The financial performance for Q1 was again defined by the five financial strategies that have been consistent over the past several quarters, highlighted the company's solid fundamentals and scalable model. These headlines include, one, differentiated revenue growth. In Q1, we delivered strong growth of 61% despite the tougher comps, well above most peers. Second, scaling profitably. Adjusted EBITDA hit $115 million in Q1 and GAAP net income reached $26 million.
That's good progress to be GAAP profitable in our historically slowest seasonal quarter of the year. We're also now GAAP profitable on a trailing 12-month basis.
Three, expanding margins. Adjusted EBITDA margin reached 29%, up over 2,500 basis points year-over-year, and the net income margin was 7%, up from a loss last year. Our incremental adjusted EBITDA margin was 70% plus for the fifth consecutive quarter. On the product side, gross margins expanded 190 basis points to 90.5%.
Fourth, generating positive cash flow. Operating cash flow exceeded $100 million for the first quarter, ending at $128 million, our highest ever, and our operating cash flow margin was 33% of revenue.
Fifth, minimizing dilution. Total diluted shares fell again sequentially to 206 million in Q1 as we continue to thoughtfully manage our share count.

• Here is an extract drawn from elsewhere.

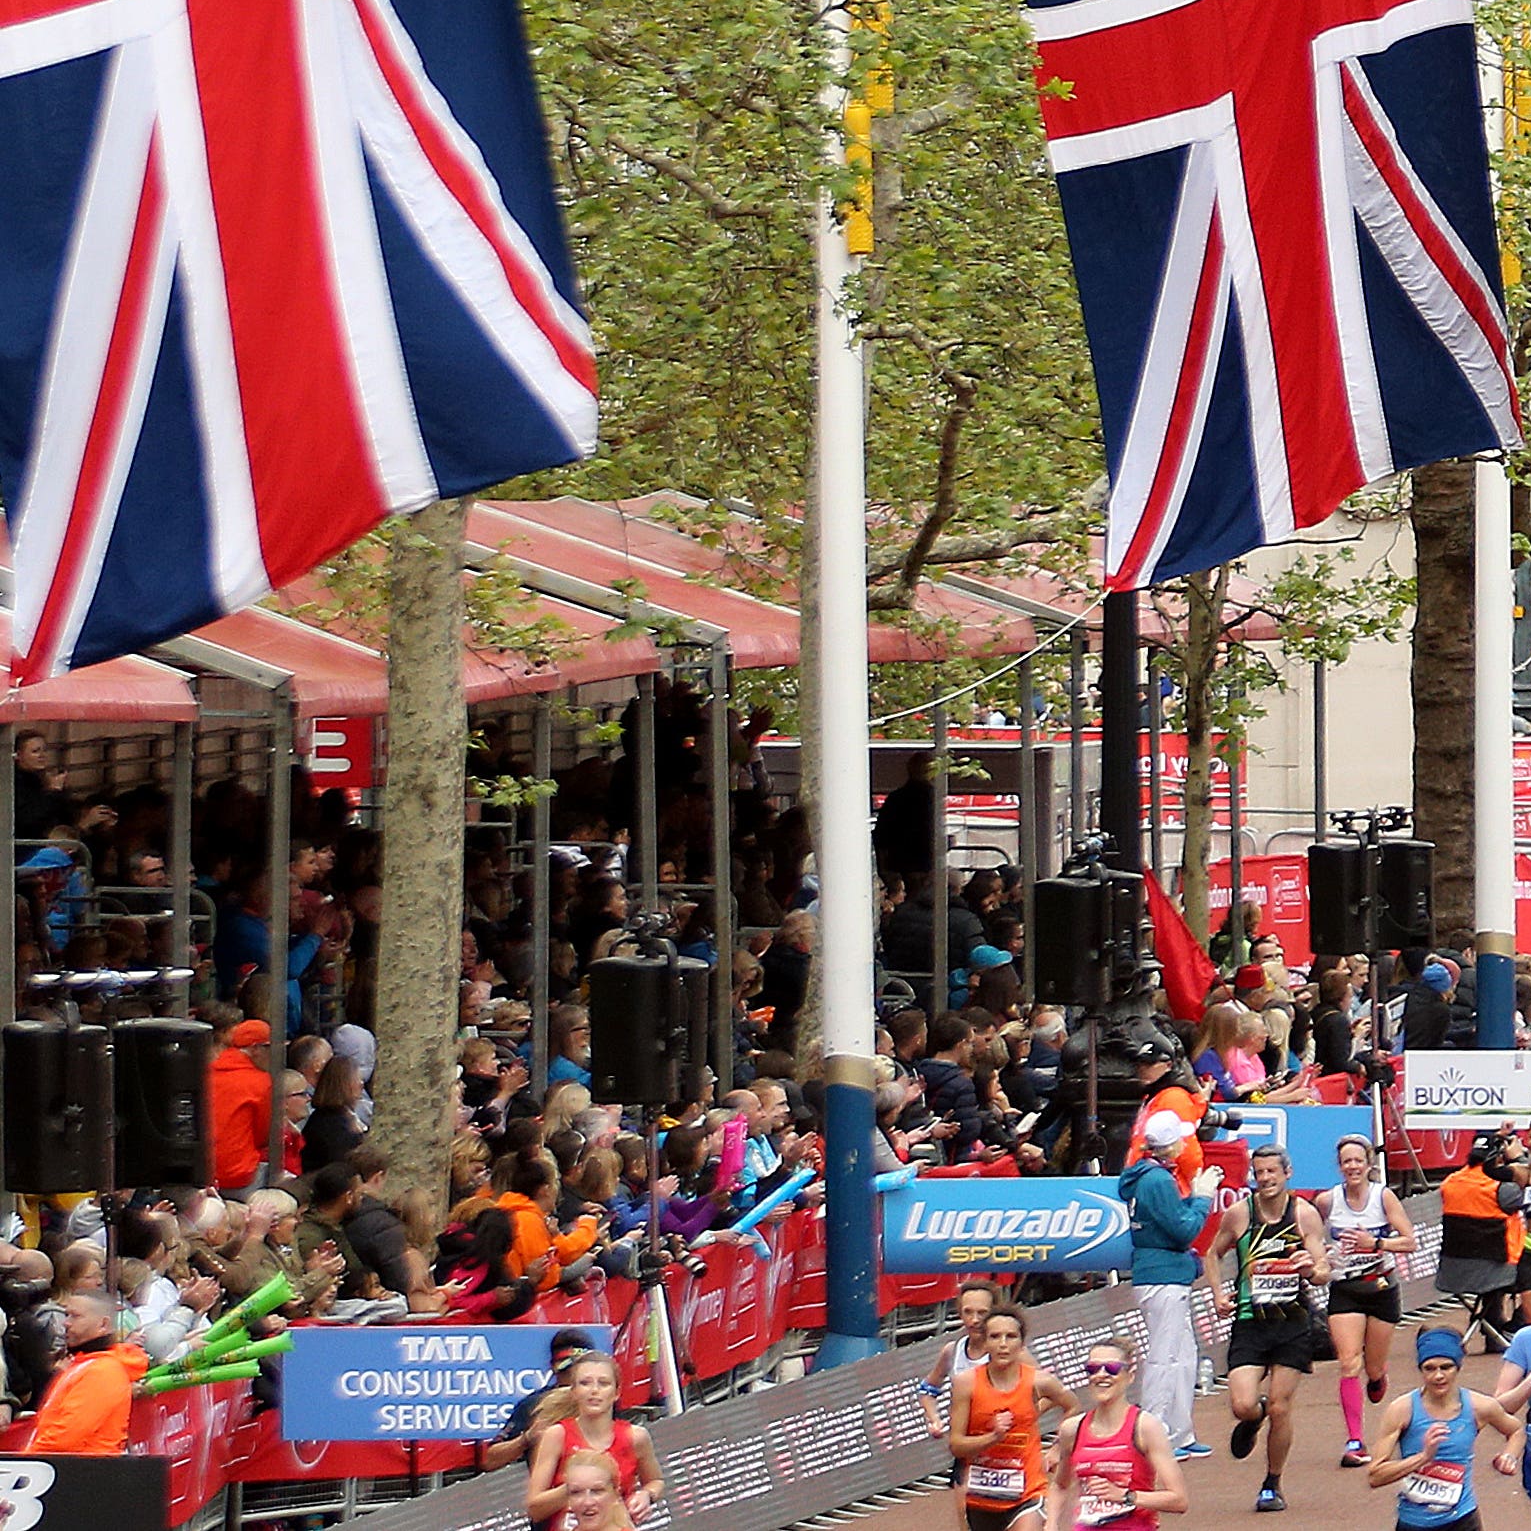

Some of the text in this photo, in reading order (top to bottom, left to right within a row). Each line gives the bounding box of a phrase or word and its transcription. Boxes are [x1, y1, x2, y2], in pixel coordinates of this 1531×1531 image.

I'll provide a bit more color on these headlines. First, total revenue of $392 million was driven by our advertising revenue, which grew 61% year-over-year to $359 million and continues to scale rapidly across channels, verticals and geographies. Other revenue, which includes revenue from our data license business, reached $34 million, growing 66% year-over-year. Regionally, revenue grew 57% and 82% year-over-year in the US and international, respectively.
International revenue growth accelerated to the fastest growth in over three years, as we deepened and expanded our advertising relationships in important markets, including the UK and EMEA.

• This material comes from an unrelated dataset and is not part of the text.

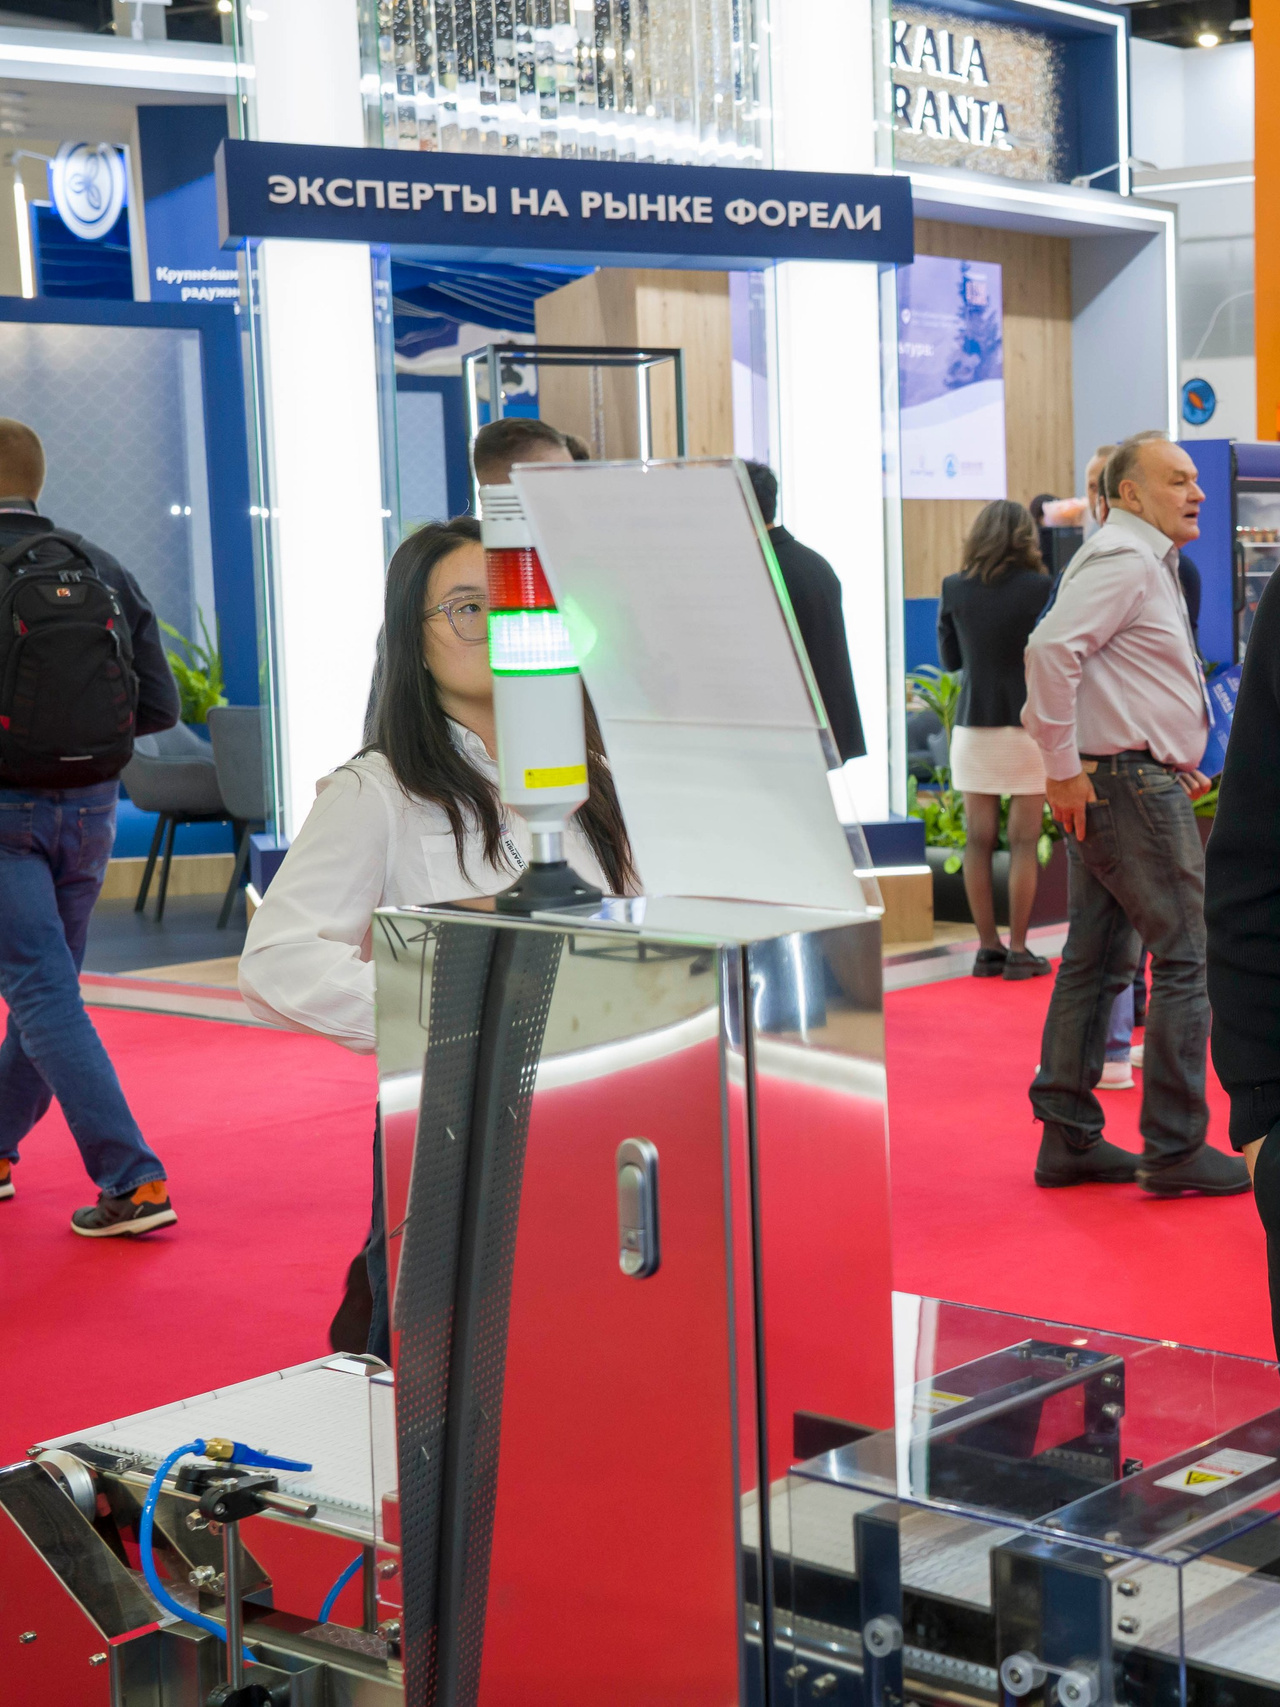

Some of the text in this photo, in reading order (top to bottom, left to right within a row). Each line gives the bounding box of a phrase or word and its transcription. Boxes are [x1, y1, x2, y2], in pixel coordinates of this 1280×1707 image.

[882, 18, 989, 87] KALA
[882, 81, 1013, 151] RANTA
[268, 175, 882, 231] ЭКСПЕРТЫ НА РЫНКЕ ФОРЕЛИ
[156, 266, 240, 284] Крупнейши

In the quarter, we saw three encouraging revenue growth drivers. First, performance revenue drove more than half the dollar growth in the quarter. Second, our scale channel, including mid-market and SMB advertisers was also a growth driver, contributing more than (inaudible) growth in the quarter. And third, impression continues to be the primary driver and consistent with other quarters. But new for this quarter, we also saw a nice tailwind from pricing in the quarter.
We believe the gains in pricing reflect the progress from our investments in performance and targeting in the middle and lower funnel. We're delivering more clicks and conversions, which is driving more efficient ad spend and higher returns for our advertisers.

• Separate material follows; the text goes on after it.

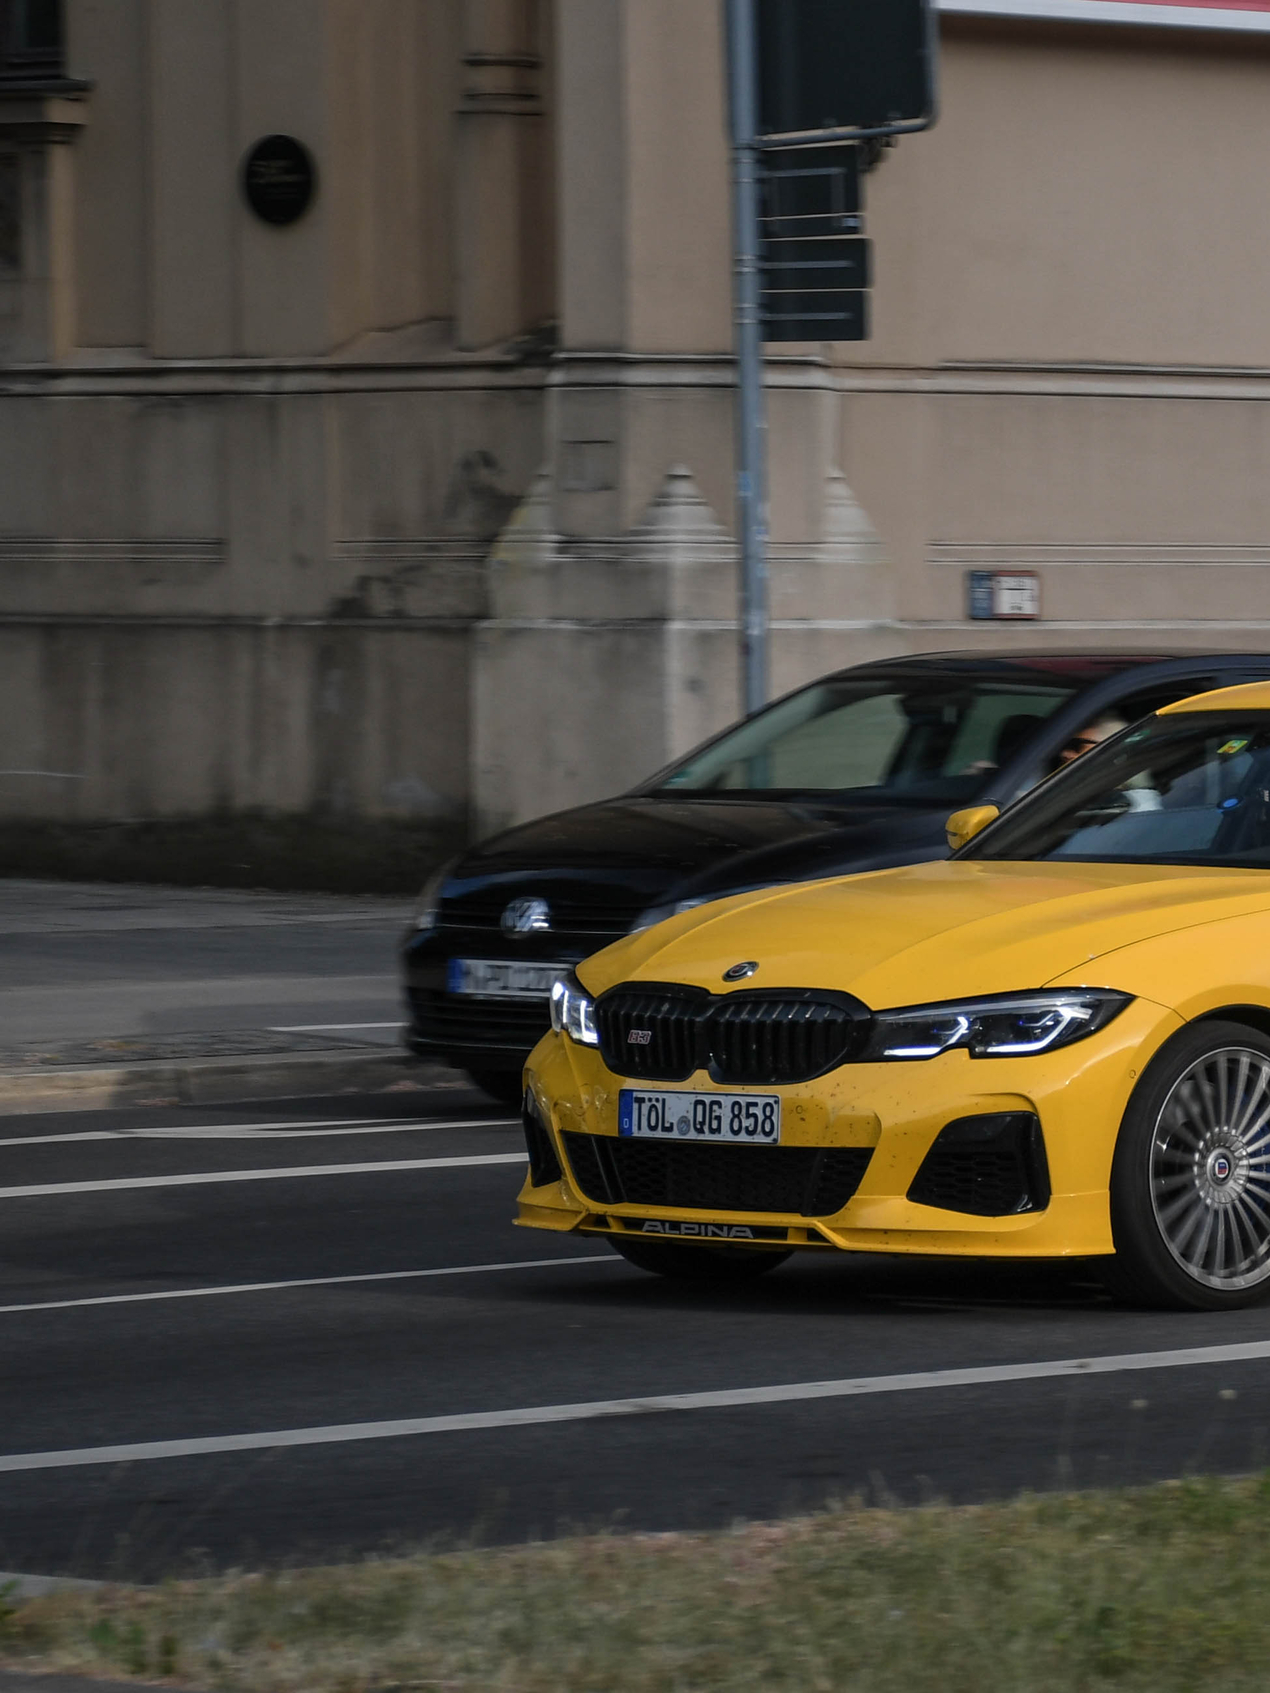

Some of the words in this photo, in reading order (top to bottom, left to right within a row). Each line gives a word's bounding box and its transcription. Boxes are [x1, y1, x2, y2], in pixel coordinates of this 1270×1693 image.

[634, 1096, 674, 1133] TÖL
[693, 1099, 722, 1135] QG
[729, 1100, 775, 1137] 858
[641, 1220, 754, 1239] ALPINA

Now moving to costs. We continue to scale revenue -- as we continue to scale revenue, our investments are focused in two areas: hiring and technology. Hiring is focused on sales and engineering, which is primarily expanding customer coverage on the sales side and for engineering, we're adding resources in ad tech machine learning and search. The traction from those investments has been strong, and we found a sweet spot where we have both accelerated revenue growth and kept high incremental adjusted EBITDA margins, well above our long-term target of 50%.
In Q1, total adjusted cost growth was up 1% sequentially and 19% year-over-year, less than 1/3 of the rate of revenue growth. Cost of revenue remained efficient with gross margins exceeding 90% for Q1, up 190 basis points year-over-year. Gross margins benefited from incremental revenue growth and we saw lower contract pricing from our hosting providers from the new contracts we signed late last year. That said, we reinvested some of those savings back across many important areas such as supporting user and ad revenue growth, using more machine learning, scaling search, accelerating machine translation from international markets and better optimizing our site speed and performance across the world.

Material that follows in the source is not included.